= Instructions to follow =
Restate the whole listing below word for word and keep the images out.

START Data for this task

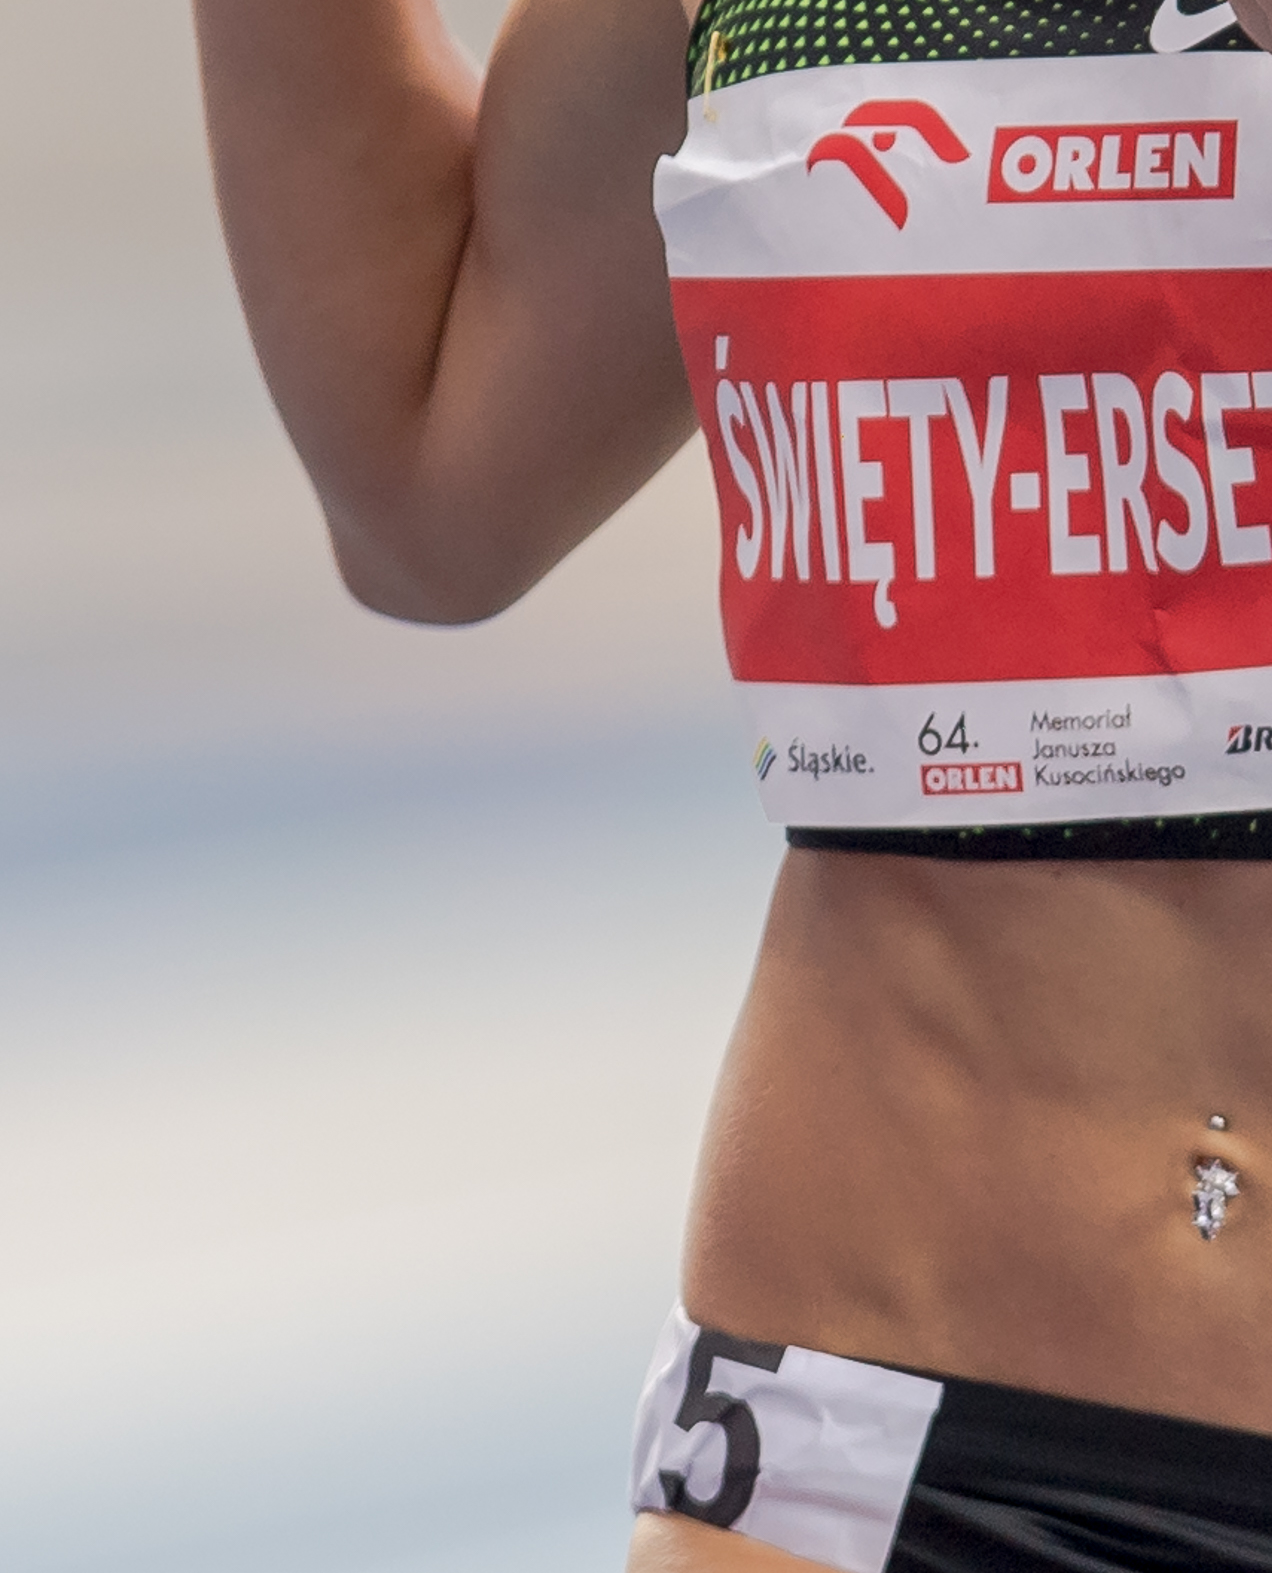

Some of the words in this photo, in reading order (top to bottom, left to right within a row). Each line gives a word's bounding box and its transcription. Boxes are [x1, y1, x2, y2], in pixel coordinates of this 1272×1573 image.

[1000, 131, 1220, 195] ORLEN
[917, 711, 980, 756] 64.
[1030, 704, 1133, 732] Memoriał
[787, 738, 875, 781] Śląskie.
[1032, 740, 1117, 760] Janusza
[924, 765, 1018, 793] ORLEN
[1033, 758, 1187, 787] Kusocińskiego
[658, 1326, 788, 1530] 5

END Data for this task

= Answer section =
Some of the words in this photo, in reading order (top to bottom, left to right within a row). Each line gives a word's bounding box and its transcription. Boxes are [x1, y1, x2, y2], in pixel coordinates of this 1272×1573 image.

[1000, 131, 1220, 195] ORLEN
[917, 711, 980, 756] 64.
[1030, 704, 1133, 732] Memoriał
[787, 738, 875, 781] Śląskie.
[1032, 740, 1117, 760] Janusza
[924, 765, 1018, 793] ORLEN
[1033, 758, 1187, 787] Kusocińskiego
[658, 1326, 788, 1530] 5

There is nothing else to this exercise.